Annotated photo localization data
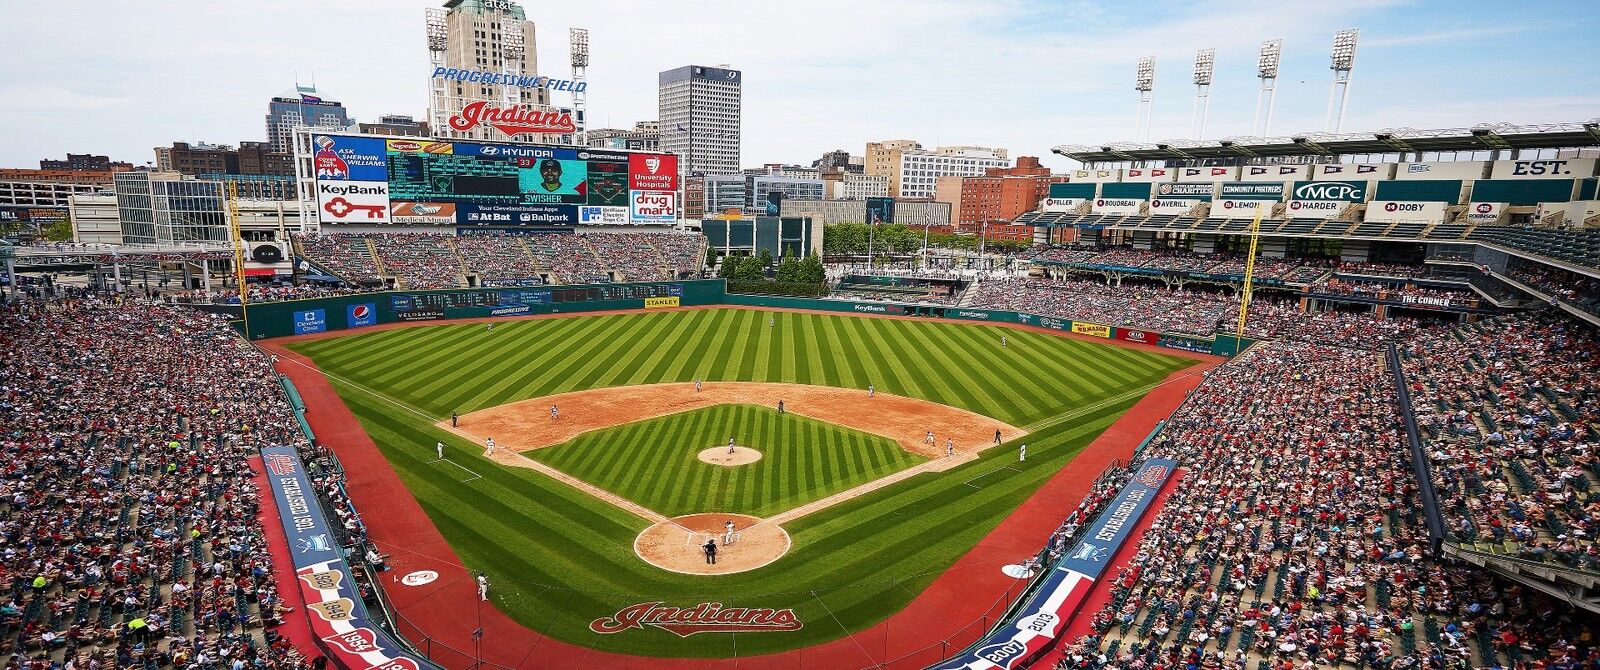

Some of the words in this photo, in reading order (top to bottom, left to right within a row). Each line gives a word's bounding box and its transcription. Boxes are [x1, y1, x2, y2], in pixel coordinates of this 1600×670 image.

[484, 0, 513, 10] at&t
[432, 66, 541, 88] PROGRESSIVE
[545, 78, 587, 93] FIELD
[448, 100, 577, 137] Indians
[341, 154, 379, 162] SHERWIN
[502, 148, 554, 158] HYUNDAI
[347, 159, 386, 167] WILLIAMS
[1512, 160, 1571, 176] EST.
[634, 174, 672, 182] University
[321, 184, 387, 196] KeyBank
[636, 181, 671, 189] Hospitals
[1306, 186, 1361, 199] MCPc
[525, 195, 562, 203] SWISHER
[636, 191, 667, 207] drug
[639, 206, 675, 215] mart
[1302, 202, 1337, 210] HARDER
[532, 214, 568, 222] Ballpark
[1402, 295, 1416, 303] THE
[1418, 296, 1450, 307] CORNER
[491, 306, 529, 315] PROGRESSIVE
[854, 304, 886, 312] KeyBank
[297, 319, 324, 327] Cleveland
[313, 572, 335, 589] 1920
[323, 601, 347, 619] 1948
[588, 601, 804, 638] Indians
[1028, 613, 1054, 632] 2013
[340, 632, 373, 651] 1954
[985, 641, 1020, 662] 2007

[EXERCISE GOAL]
Since the pictures don't belong in the copy, copy only the rest of the entries above exactly.

[ANSWER TO THIS TASK]
Some of the words in this photo, in reading order (top to bottom, left to right within a row). Each line gives a word's bounding box and its transcription. Boxes are [x1, y1, x2, y2], in pixel coordinates of this 1600×670 image.

[484, 0, 513, 10] at&t
[432, 66, 541, 88] PROGRESSIVE
[545, 78, 587, 93] FIELD
[448, 100, 577, 137] Indians
[341, 154, 379, 162] SHERWIN
[502, 148, 554, 158] HYUNDAI
[347, 159, 386, 167] WILLIAMS
[1512, 160, 1571, 176] EST.
[634, 174, 672, 182] University
[321, 184, 387, 196] KeyBank
[636, 181, 671, 189] Hospitals
[1306, 186, 1361, 199] MCPc
[525, 195, 562, 203] SWISHER
[636, 191, 667, 207] drug
[639, 206, 675, 215] mart
[1302, 202, 1337, 210] HARDER
[532, 214, 568, 222] Ballpark
[1402, 295, 1416, 303] THE
[1418, 296, 1450, 307] CORNER
[491, 306, 529, 315] PROGRESSIVE
[854, 304, 886, 312] KeyBank
[297, 319, 324, 327] Cleveland
[313, 572, 335, 589] 1920
[323, 601, 347, 619] 1948
[588, 601, 804, 638] Indians
[1028, 613, 1054, 632] 2013
[340, 632, 373, 651] 1954
[985, 641, 1020, 662] 2007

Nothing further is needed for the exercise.